Deng Yanda (, 1 March 1895 – 29 November 1931) was a military officer in the Chinese Nationalist Party. He broke with party leaders in 1927, denouncing them as traitors to the party's original principles and in 1930 attempted to form a new party, which he called the Provisional Action Committee of the Chinese Nationalist Party or Third Party. It was later renamed the Chinese Peasants' and Workers' Democratic Party. In 1931 he was convicted of treason by the Nationalist government and secretly executed. Today, Deng is recognized as a revolutionary martyr by the People's Republic of China.

Life
Deng Yanda was born in Huizhou County, Guangdong province. He was educated in military schools in Guangdong and Wuhan, graduating from Baoding Military Academy in 1919. Deng was recruited to the Guangdong Army in 1920 and fought under the Nationalist officer Deng Keng. When Sun Yat-sen announced his policy of alliance with the Soviet Union in 1923, Deng strongly supported it and was appointed to the preparatory committee for the Whampoa Military Academy which the Russians helped the Chinese Nationalists build. He was an important commander in the Northern Expedition (1926–1928) which the Nationalists launched to unify China. When Chiang Kai-shek broke with the Chinese Communist Party and Russia, Deng denounced Chiang and left China for Russia and Europe, where he lived from 1927 to 1930.  On his return to China, Deng formed a new party, which he called the Provisional Action Committee of the Chinese Nationalist Party or Third Party (renamed Chinese Peasants' and Workers' Democratic Party in 1947).

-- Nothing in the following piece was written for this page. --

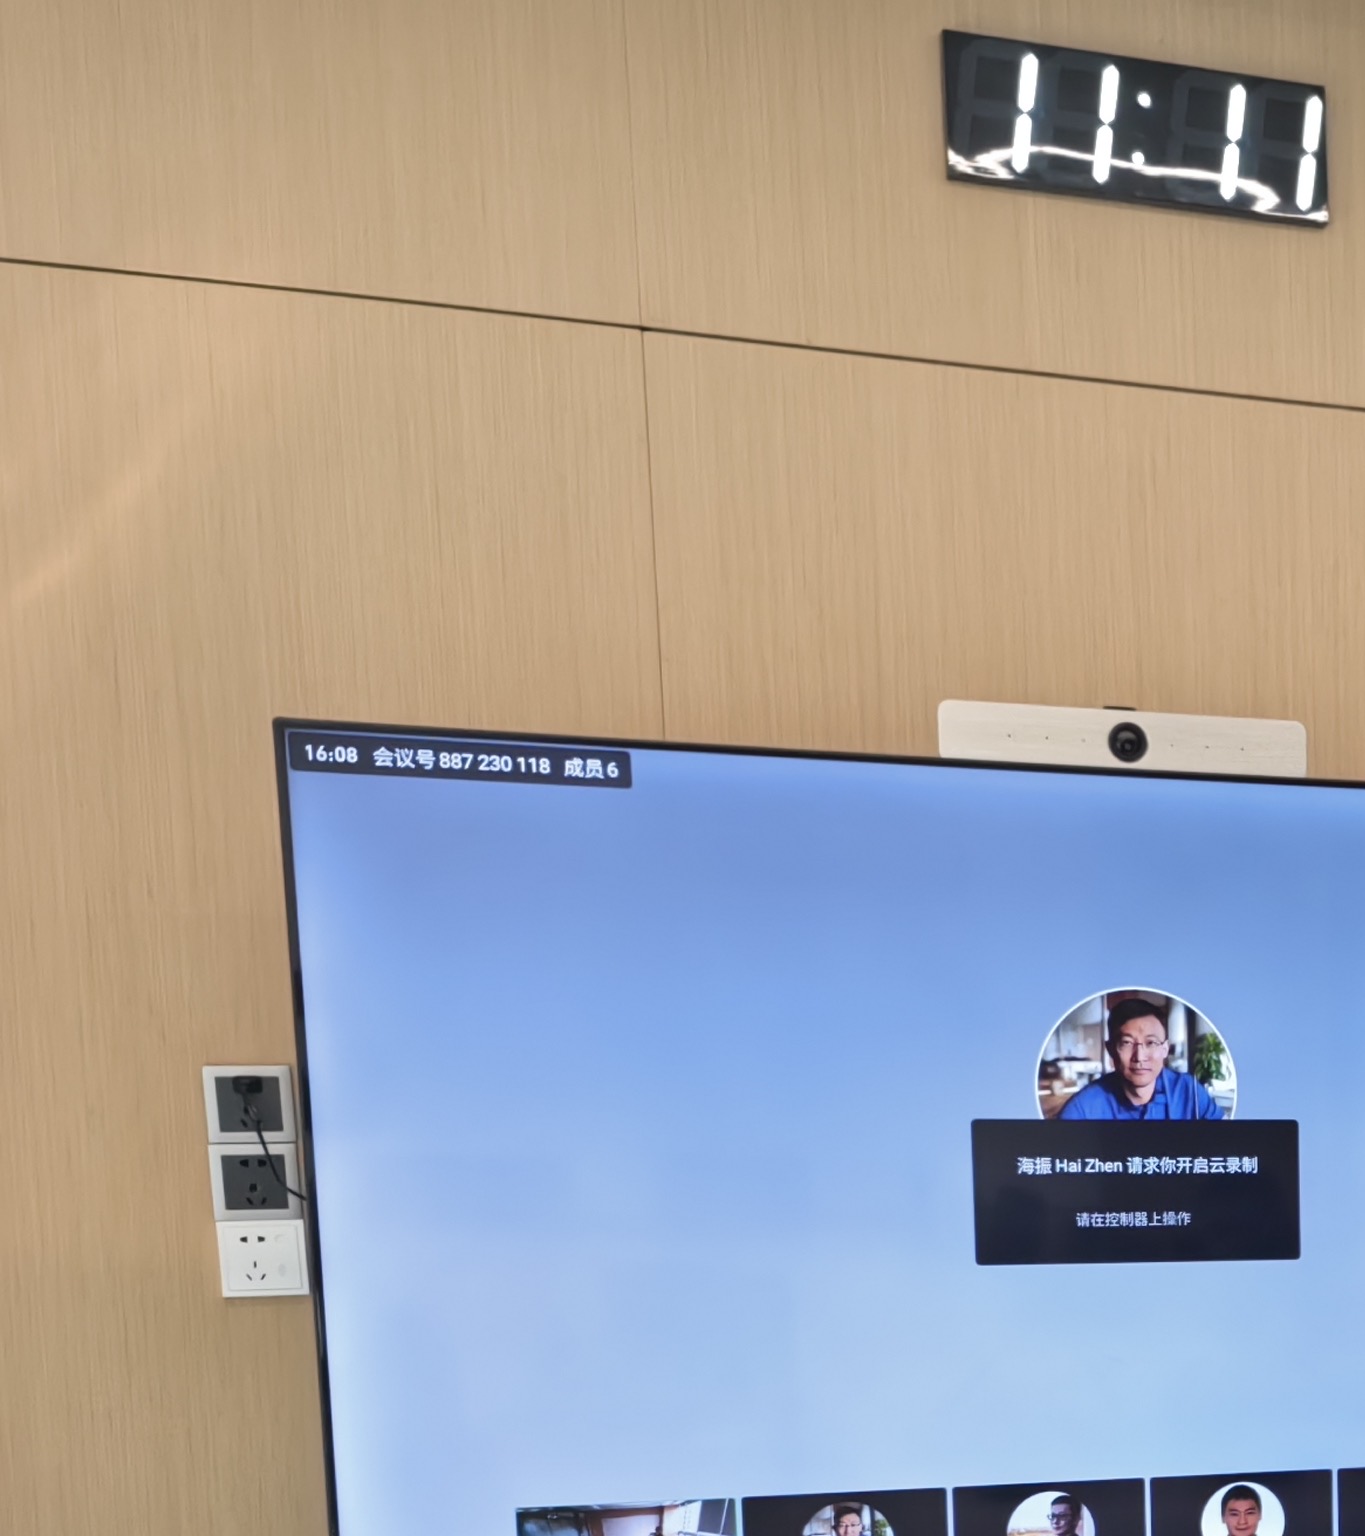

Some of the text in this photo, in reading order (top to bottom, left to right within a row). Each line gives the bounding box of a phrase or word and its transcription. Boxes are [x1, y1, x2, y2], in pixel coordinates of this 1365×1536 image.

By the mid-1920s, most of the Chinese political parties that were founded during the early years of the Republican era had disappeared from the political circles. There remained only two parties that became the decisive forces to the destiny of the country — the Chinese Communist Party (CCP) and the Kuomintang (KMT) after its reshuffle. In 1927, the cooperation between the CCP and the KMT broke down. Chiang Kai-shek brought a policy of slaughter and armed-suppression to the CCP. To contend against the KMT, the Chinese Communists were forced to shift their bases to the countryside and mountain areas. Since then, the prolonged life-and-death struggle between the two political parties emerged in China. Against the background of this division of Chinese politics into two opposing parties, Deng's party, also known as the Third Party came into being.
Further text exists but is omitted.